Yes they almost definitely are, what else would they be hired for? You wouldn't watch the same news everyday (even if it feels that way)

> the number of training epochs has dropped dramatically

So? Lets imagine a documented nurodiverse person (lets use a photographic memory) "snapsohts" a famous "works" and then sits in a room, after 5 years training, to produce "some work" are they free of copyright claims? Have you not seen the nurodiverse person who draws the entire New York sky line from 1 helicopter ride?

Your approach seems non-sensical, 1 epoch - 10,000 epochs, it doesn't matter - its still a copy / derivative work (which may exempt it, fair enough).

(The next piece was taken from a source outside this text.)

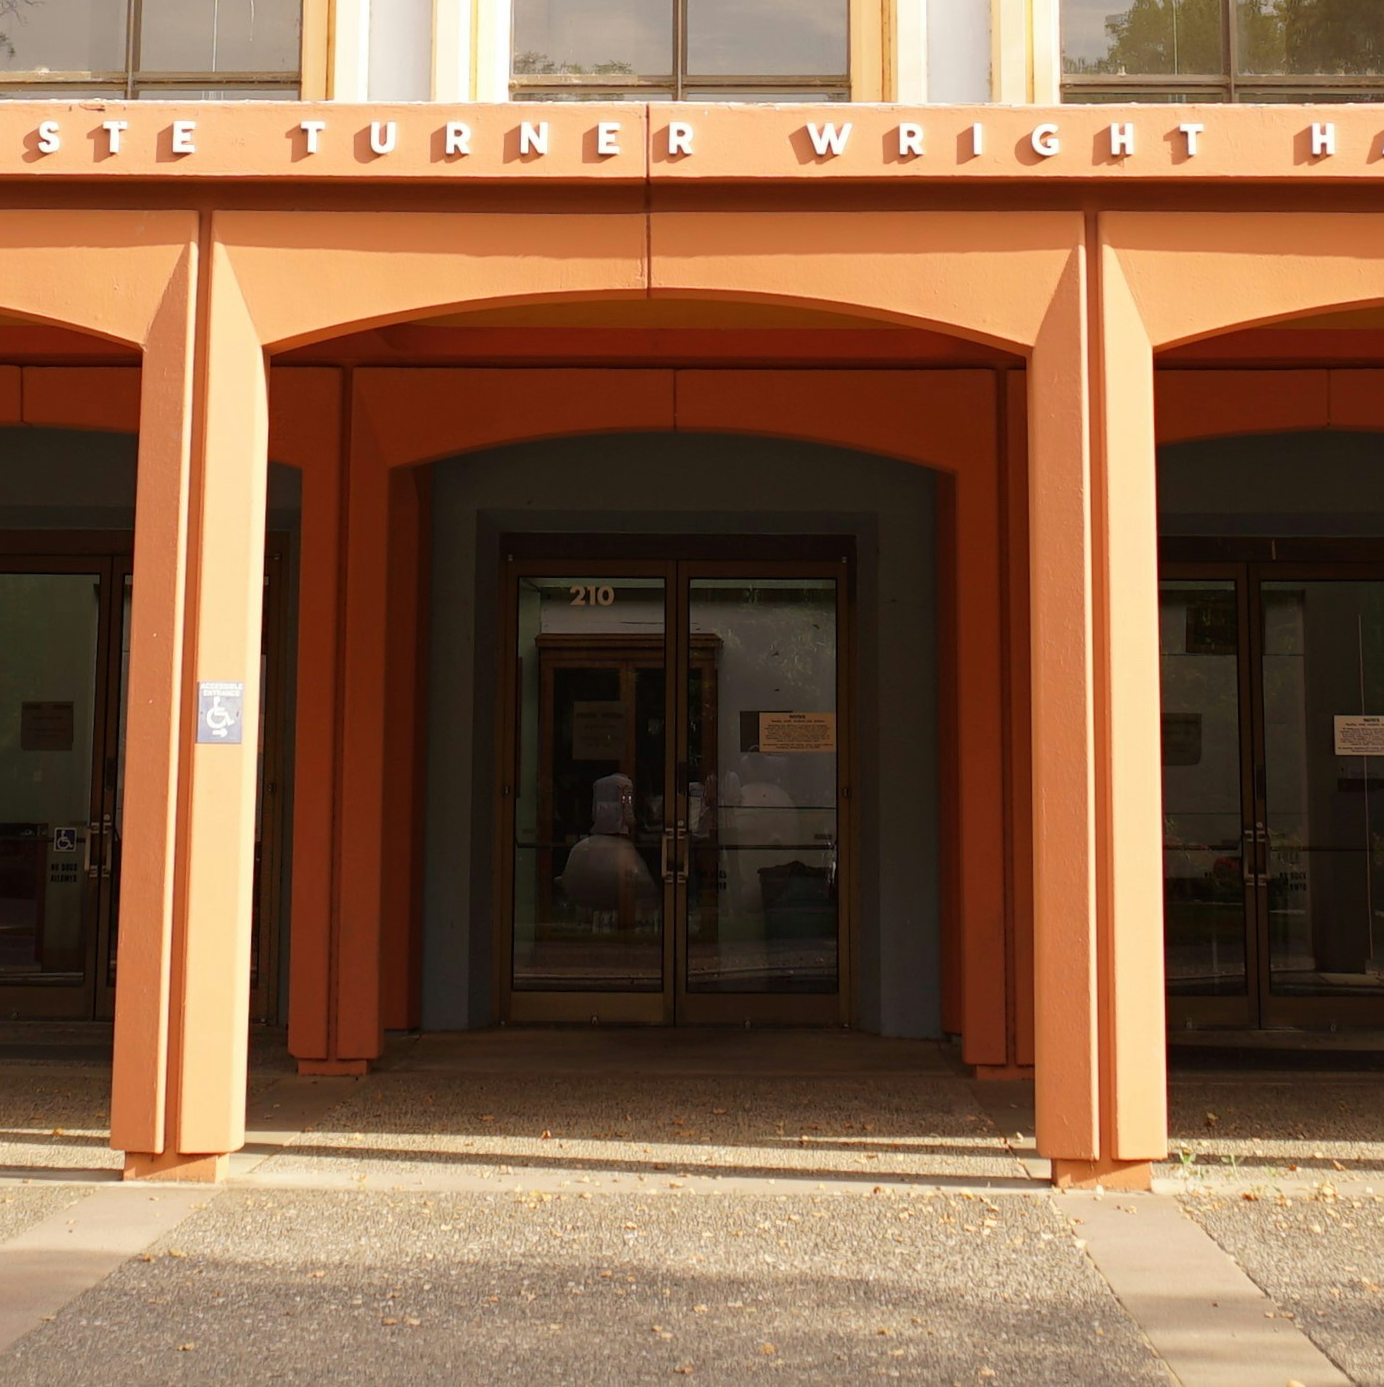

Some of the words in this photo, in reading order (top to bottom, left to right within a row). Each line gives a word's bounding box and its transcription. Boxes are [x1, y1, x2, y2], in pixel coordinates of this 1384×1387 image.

Personally I think all current AI work is just copyright on steroids, DALL-E outputs Shutterstock logos given the right input and Githubs co-poilt is just a lawsuit waiting to happen (implying anyone has the funds to actually sue Microsoft these days, the T&C's of Github must be incredibly broad).



> Yes they almost definitely are, what else would they be hired for?

Craftmansship. They have subtle, but probably very good, intuitions about lighting, facial expressions etc. and also a lot of concrete knowledge about these things. All of which an algorithm can pick up on by examining thousands of images once each.

Once or many matters because if you just examine each data point one, there can be no overfitting in the traditional sense. And that's what shocks me about the "one epoch is all you need" fruits.


> Once or many matters because if you just examine each data point one, there can be no overfitting in the traditional sense.

What makes you so sure? If my algorithm was literally just storing stuff in a hashtable to look up later, you'd get overfitting from a single exposure.


Well gradient descent doesn't do that. And the models, while big in terms of parameter data, are not nearly big enough to actually store all the training data.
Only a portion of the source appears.